FWIW, this is probably a hyperbolic troll post aimed at closet misogynists and white knights. The self-described "long suffering nice guy" author only has this post to his name and I question the sanity and intelligence of anyone that allows himself to be tricked to buy a dinner worth several hundred to a girl on a first date.

 

Then again, maybe I'm just a jaded, cheap bastard.

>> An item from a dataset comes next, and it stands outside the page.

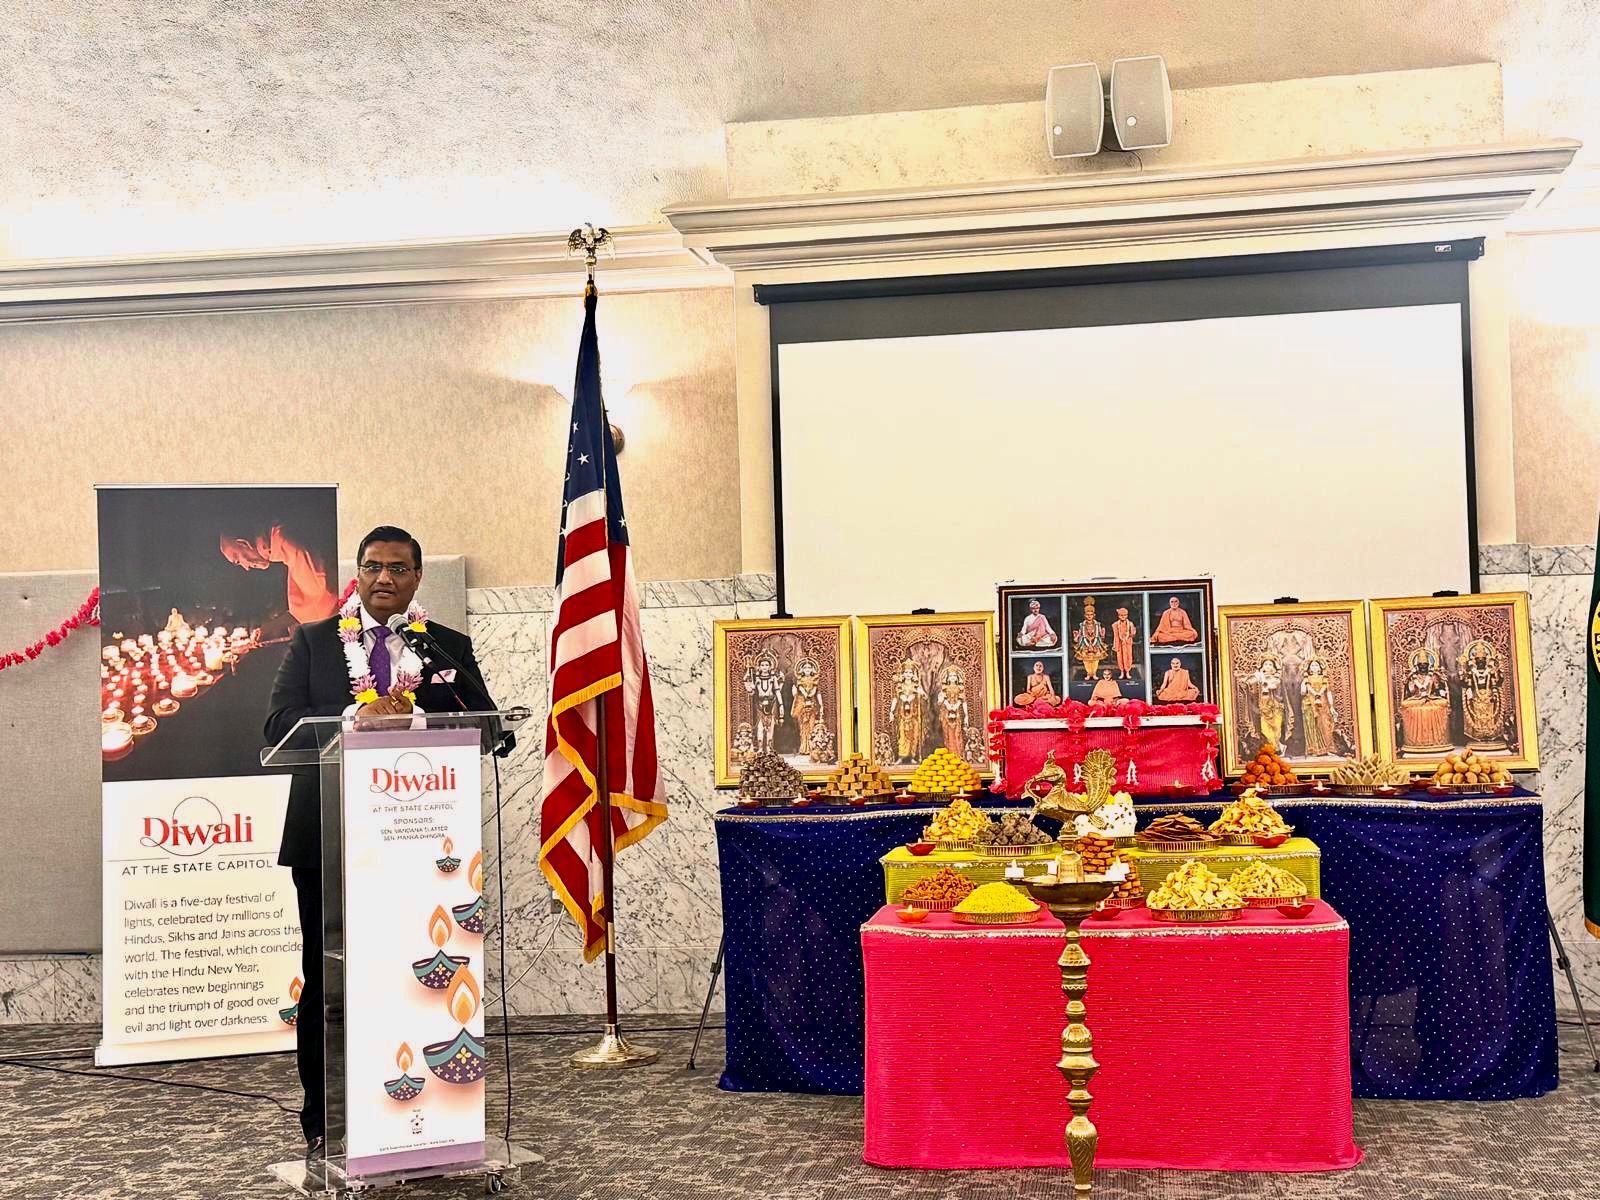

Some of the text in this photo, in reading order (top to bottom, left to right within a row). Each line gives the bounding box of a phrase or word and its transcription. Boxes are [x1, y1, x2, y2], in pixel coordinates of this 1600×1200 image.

- When he is best, he is a little worse than a man, and when he is worst, he is little better than a beast.

Posted

 

 

 

I always think first that nice guy fantasies, where writer makes nice guy sound like entitled whiner that gives serious predatory vibe than anything else, are ironic mockeries about nice guy cliché, but every time I found out that writer is absolute serious with his (and writer always seems to be male) writing. 

 

So the faintest hint of having a sex drive and wanting a serious relationship gives you a "serious predatory vibe"? Heh, okay dude.

 

 

 

No, knowing what kind men and how many men woman has had sex, knowing woman's texting habits, etc. things make text sound predatory.

 

Impression that I get from narrator of these and many other similar fantasies are that serious relationship means sexual relationship instead of emotional, which is made stronger by narrator claim that know girls in their twenties are interested  about him with implication that they are willing to have sex with narrator. Which gives me impression that narrator has very different opinion than me that what consist as serious relationship.

Posted

To be honest, both the original author and the author of the rebuttal article make me cringe, because both are incredibly self-centered and at the same time pretending to speak for large groups of people. No guys, you're just speaking for you, and guess what, nobody cares.

 

Well, no one should care, anyway.

  • Like 5

Never attribute to malice that which can adequately be explained by incompetence.

 

Posted

To be honest, both the original author and the author of the rebuttal article make me cringe, because both are incredibly self-centered and at the same time pretending to speak for large groups of people. No guys, you're just speaking for you, and guess what, nobody cares.

 

Well, no one should care, anyway.

 

That's a good post Jadedmeister :thumbsup:

"Abashed the devil stood and felt how awful goodness is and saw Virtue in her shape how lovely: and pined his loss”

John Milton 

"We don't stop playing because we grow old; we grow old because we stop playing.” -  George Bernard Shaw

"What counts in life is not the mere fact that we have lived. It is what difference we have made to the lives of others that will determine the significance of the life we lead" - Nelson Mandela

 

 

Posted

A $100 steak and not even a handjob? This dude needs to up his game.